Images within the entries are to be omitted; the remainder must be reproduced exactly.

Stored dataset items:
%%
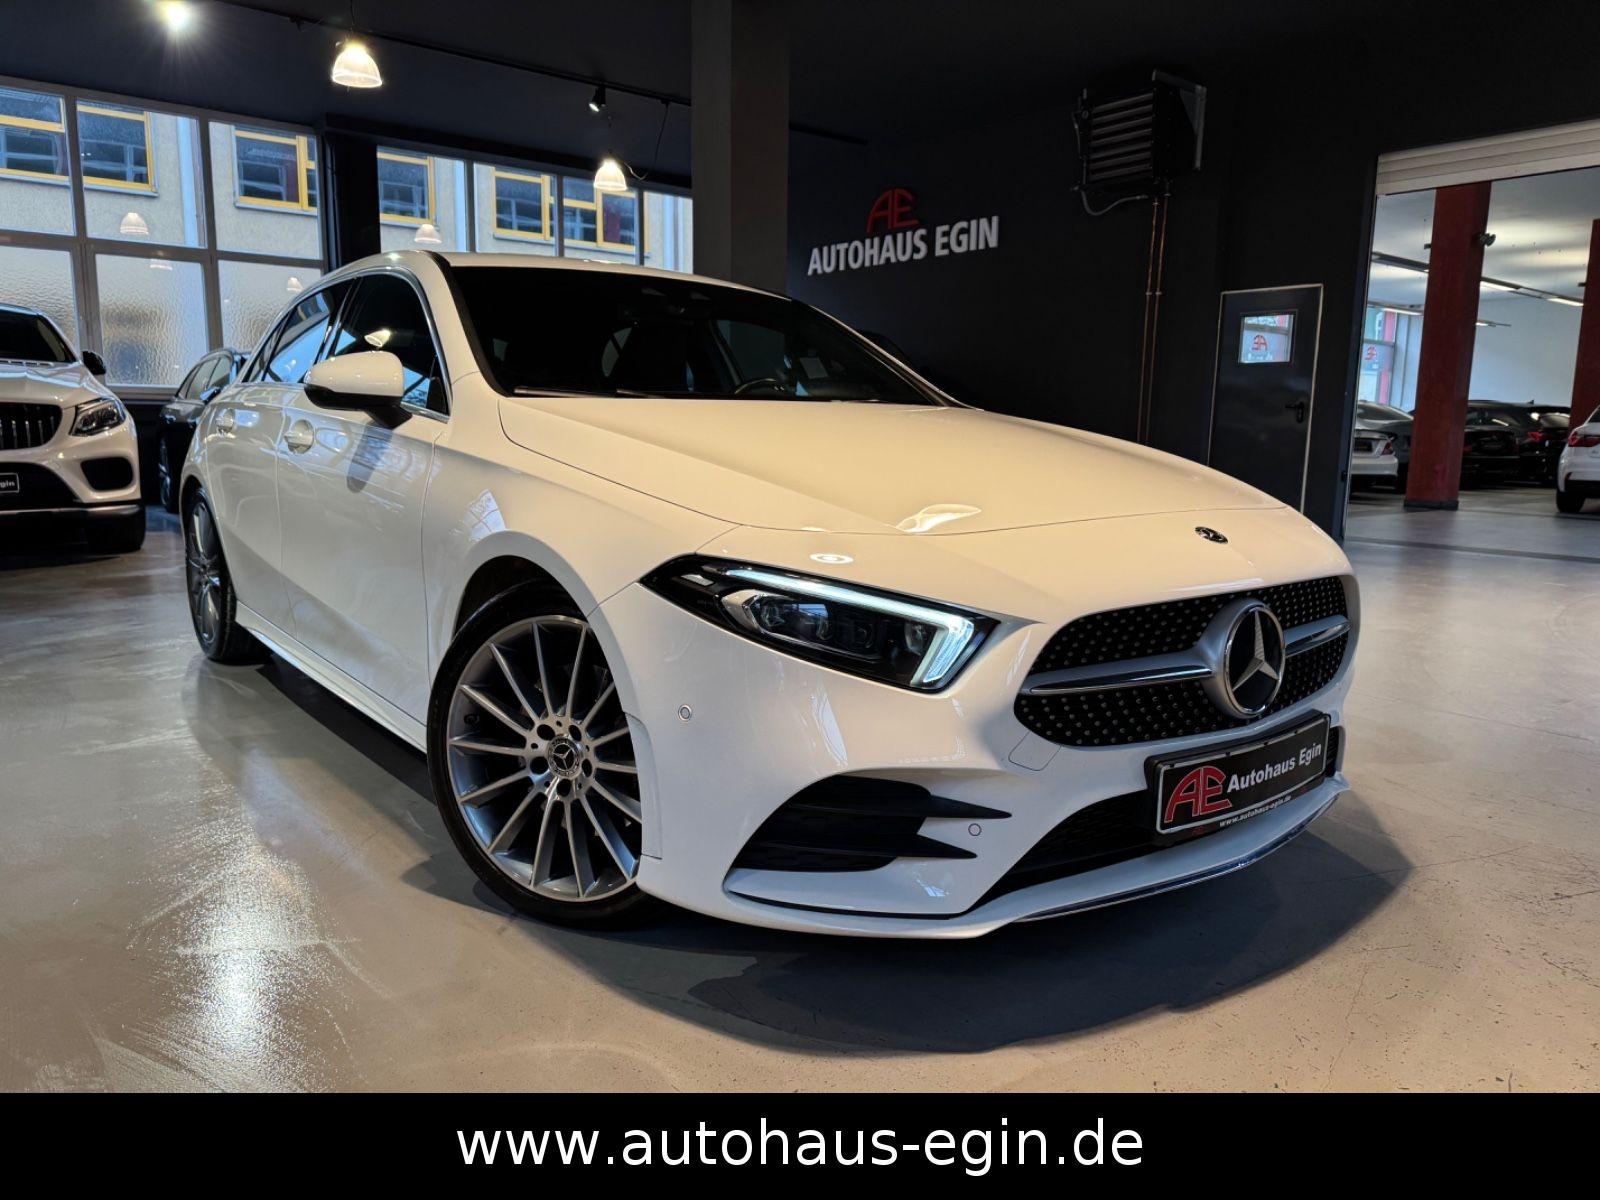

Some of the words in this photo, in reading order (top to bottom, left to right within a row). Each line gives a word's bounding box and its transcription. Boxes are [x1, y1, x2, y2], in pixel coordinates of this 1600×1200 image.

[866, 187, 920, 234] AE
[807, 228, 928, 276] AUTOHAUS
[935, 215, 999, 257] EGIN
[1164, 765, 1233, 824] AE
[1226, 755, 1295, 794] Autohaus
[1298, 743, 1322, 767] Egin
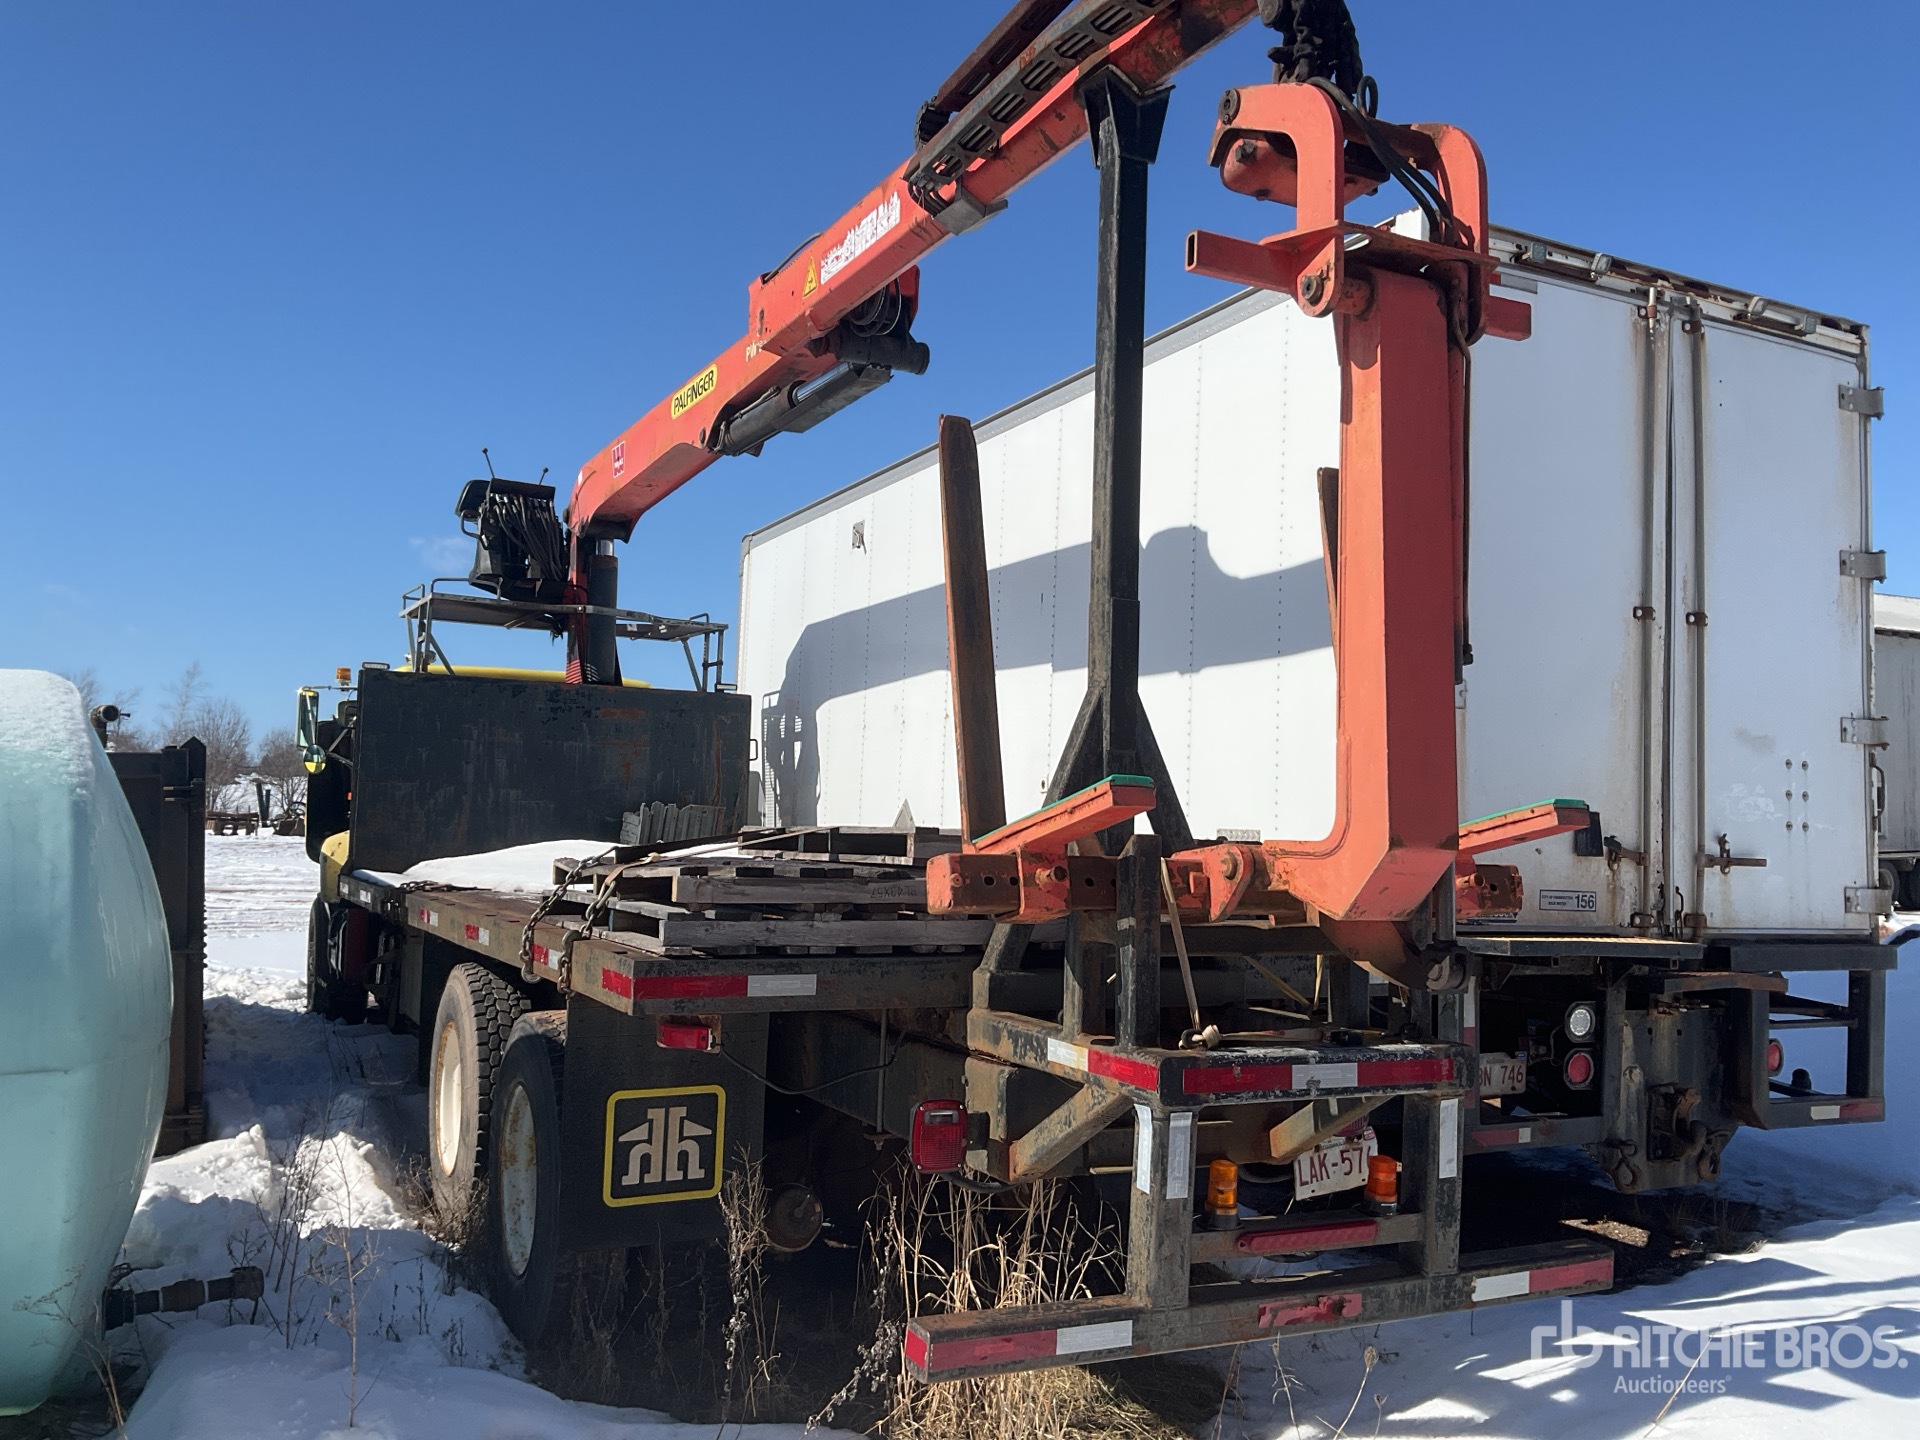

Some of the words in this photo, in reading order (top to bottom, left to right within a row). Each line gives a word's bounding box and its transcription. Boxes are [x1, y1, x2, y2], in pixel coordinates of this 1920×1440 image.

[673, 369, 714, 415] PALFINGER
[1574, 893, 1595, 909] 156
[1500, 1064, 1524, 1085] 746
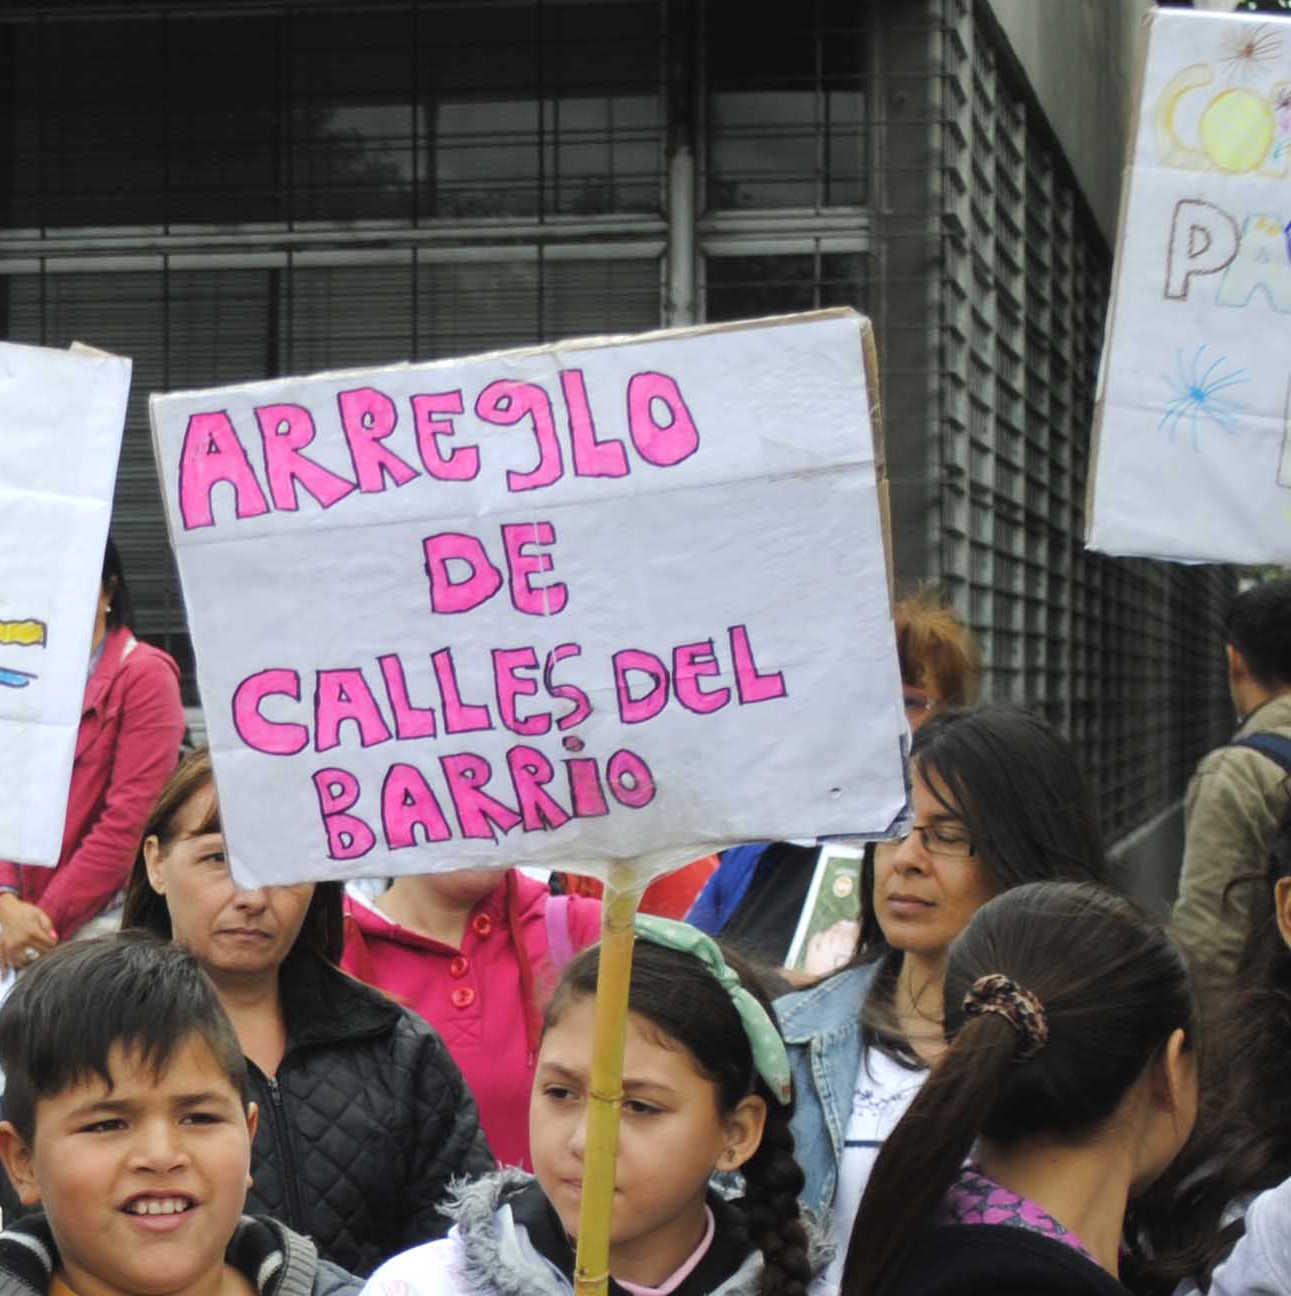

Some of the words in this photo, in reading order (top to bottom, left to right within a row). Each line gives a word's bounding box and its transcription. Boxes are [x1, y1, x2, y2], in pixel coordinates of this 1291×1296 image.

[1164, 198, 1291, 313] PA
[424, 520, 569, 616] DE
[231, 643, 593, 756] CALLES
[611, 624, 788, 725] DEL
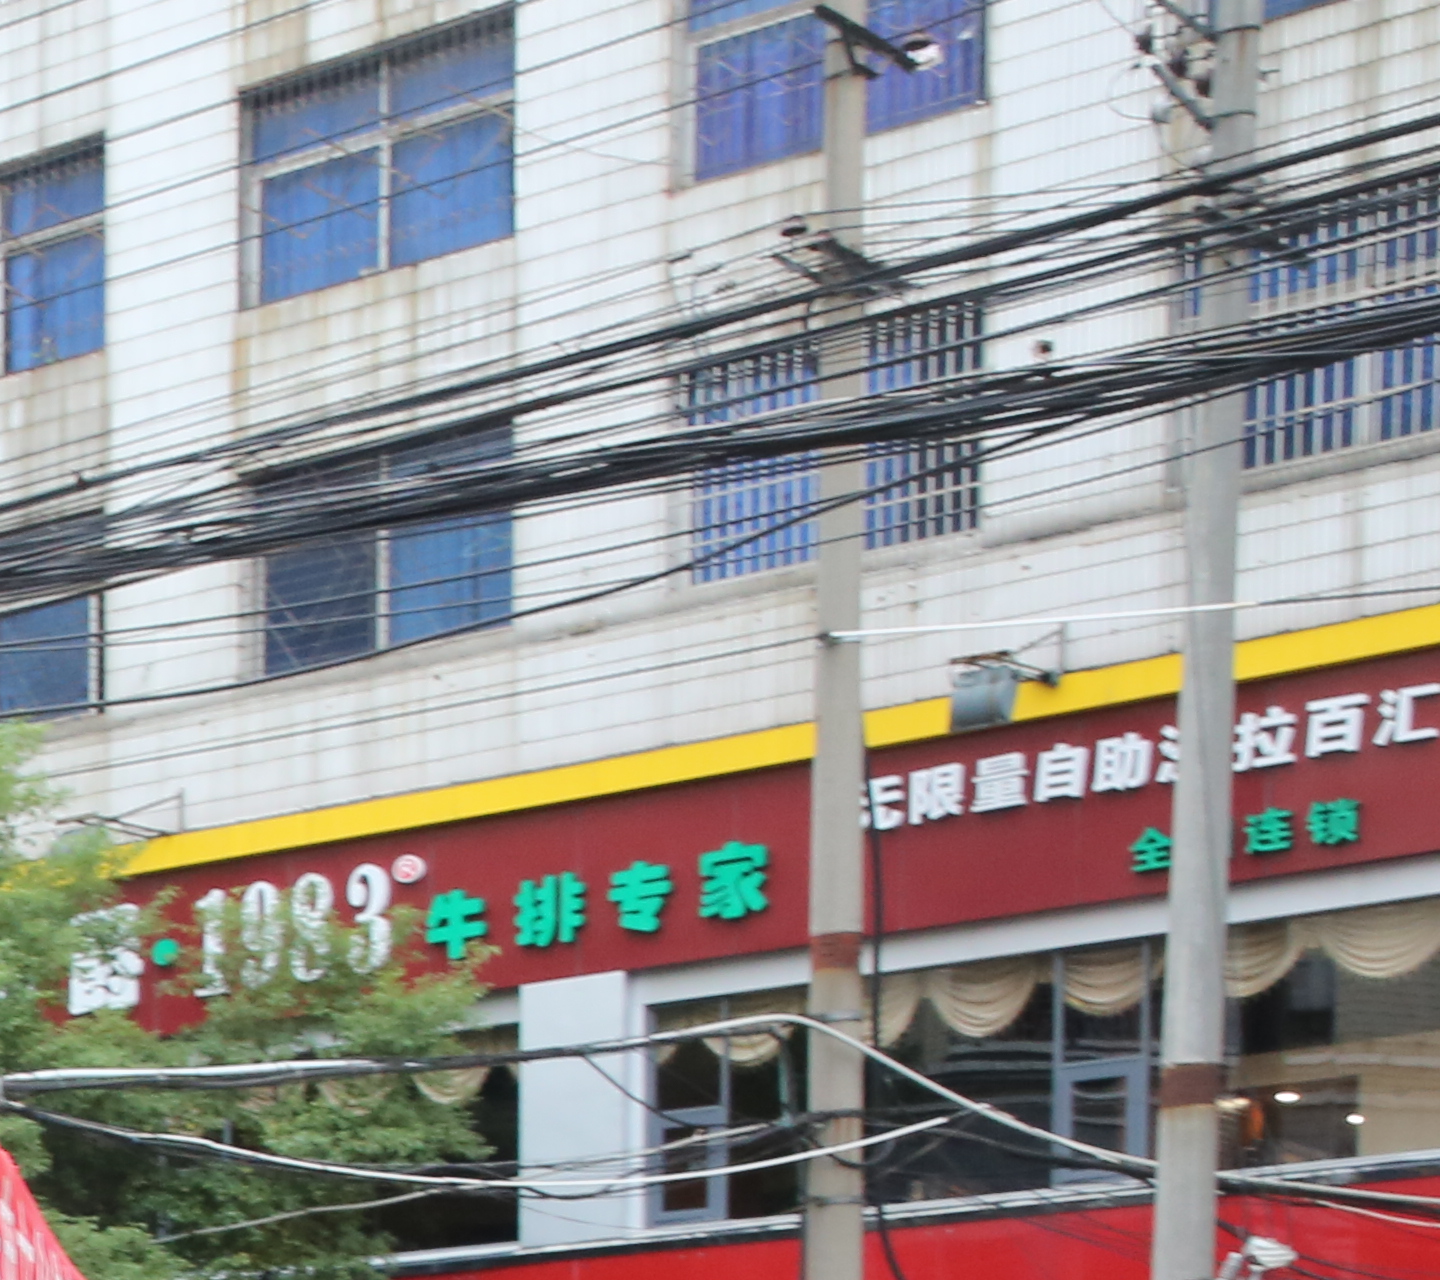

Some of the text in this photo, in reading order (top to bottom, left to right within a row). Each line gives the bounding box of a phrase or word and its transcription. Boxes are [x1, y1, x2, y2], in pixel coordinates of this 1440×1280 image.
%%
## TASK ANSWER
Some of the words in this photo, in reading order (top to bottom, left to right within a row). Each line gives a word's bounding box and its transcription. Boxes are [x1, y1, x2, y2], in pixel coordinates of this 1600×1200 image.

[866, 187, 920, 234] AE
[807, 228, 928, 276] AUTOHAUS
[935, 215, 999, 257] EGIN
[1164, 765, 1233, 824] AE
[1226, 755, 1295, 794] Autohaus
[1298, 743, 1322, 767] Egin

Some of the words in this photo, in reading order (top to bottom, left to right within a row). Each line gives a word's bounding box and its transcription. Boxes are [x1, y1, x2, y2], in pixel coordinates of this 1920×1440 image.

[673, 369, 714, 415] PALFINGER
[1574, 893, 1595, 909] 156
[1500, 1064, 1524, 1085] 746

Some of the words in this photo, in reading order (top to bottom, left to right within a row). Each line gives a word's bounding box and its transcription. Boxes are [x1, y1, x2, y2], in pixel coordinates of this 1291×1296 image.

[1164, 198, 1291, 313] PA
[424, 520, 569, 616] DE
[231, 643, 593, 756] CALLES
[611, 624, 788, 725] DEL

Some of the text in this photo, in reading order (top to bottom, left to right within a row). Each line gives the bounding box of a phrase or word and its transcription. Boxes are [x1, y1, x2, y2], in pixel coordinates of this 1440×1280 image.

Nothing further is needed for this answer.